> **WORK REQUEST**: Every record here must be copied exactly, except for the images it holds.

=== Section Start ===

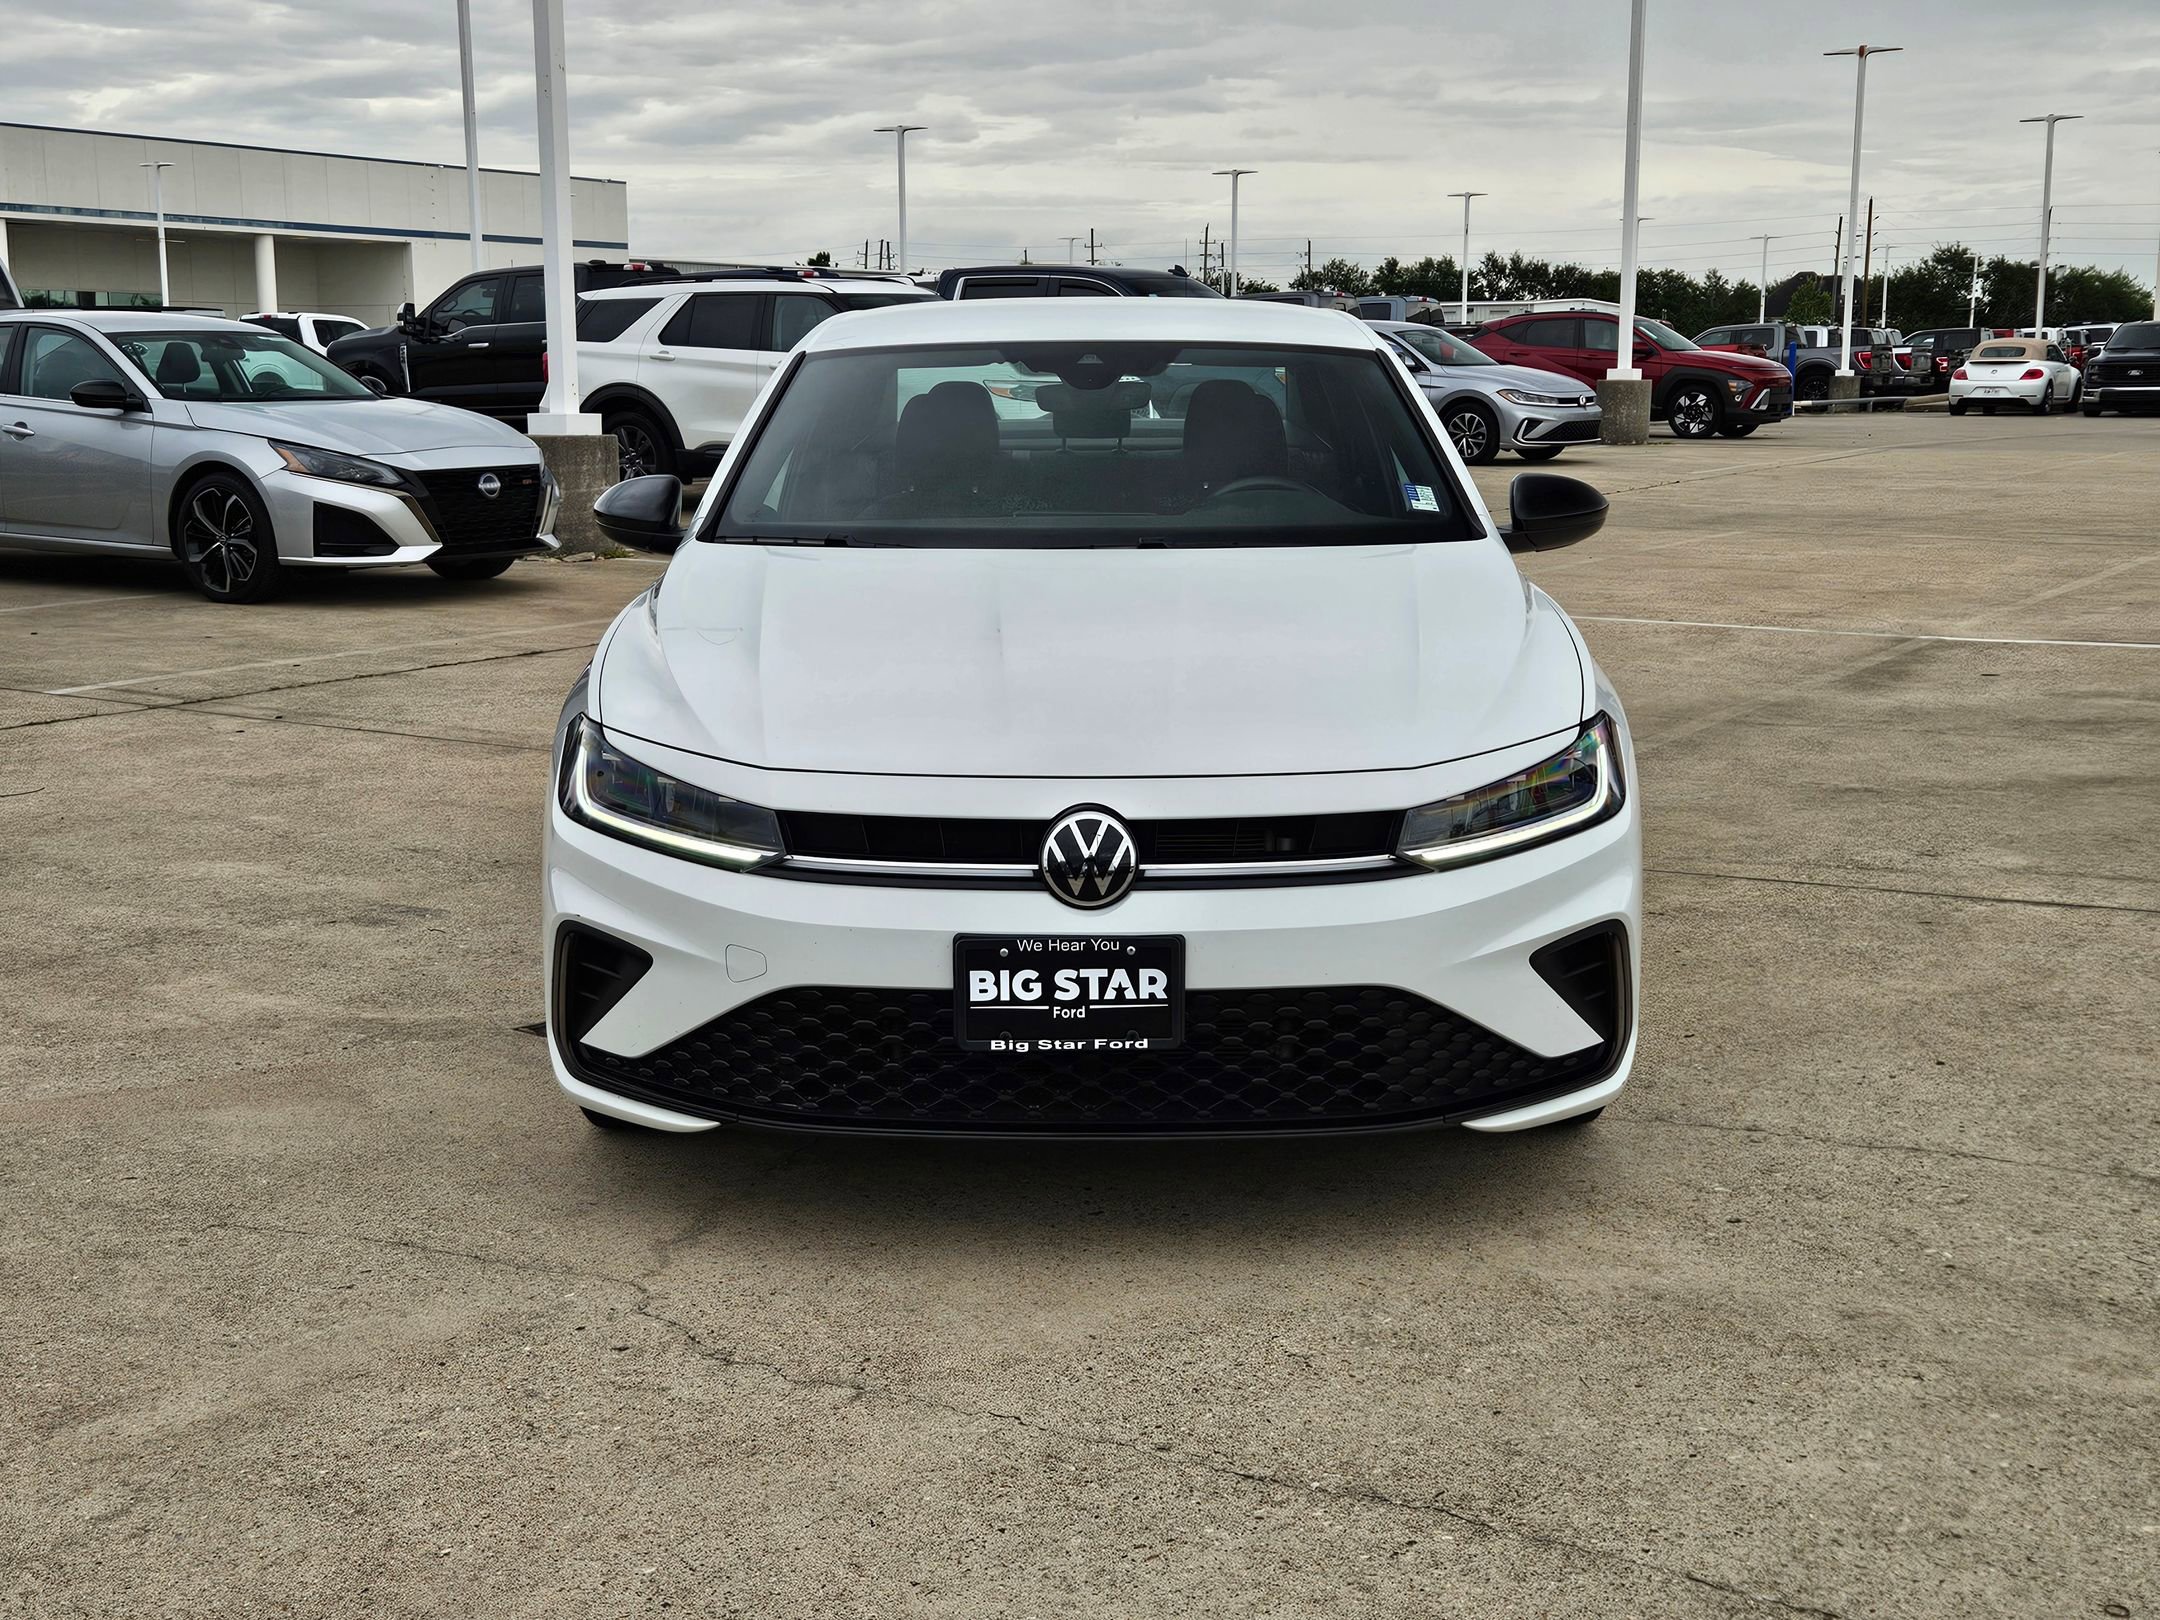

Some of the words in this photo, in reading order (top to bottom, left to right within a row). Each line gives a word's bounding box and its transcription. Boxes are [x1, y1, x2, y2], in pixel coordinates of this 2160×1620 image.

[1016, 939, 1043, 952] We
[1048, 938, 1087, 952] Hear
[1090, 938, 1120, 951] You
[969, 969, 1043, 1002] BIG
[1053, 968, 1168, 1001] STAR
[1053, 1005, 1086, 1019] Ford
[990, 1039, 1029, 1053] Big
[1037, 1039, 1087, 1050] Star
[1094, 1038, 1149, 1050] Ford

=== Section End ===

> **SOLUTION TO THIS EXERCISE**:
Some of the words in this photo, in reading order (top to bottom, left to right within a row). Each line gives a word's bounding box and its transcription. Boxes are [x1, y1, x2, y2], in pixel coordinates of this 2160×1620 image.

[1016, 939, 1043, 952] We
[1048, 938, 1087, 952] Hear
[1090, 938, 1120, 951] You
[969, 969, 1043, 1002] BIG
[1053, 968, 1168, 1001] STAR
[1053, 1005, 1086, 1019] Ford
[990, 1039, 1029, 1053] Big
[1037, 1039, 1087, 1050] Star
[1094, 1038, 1149, 1050] Ford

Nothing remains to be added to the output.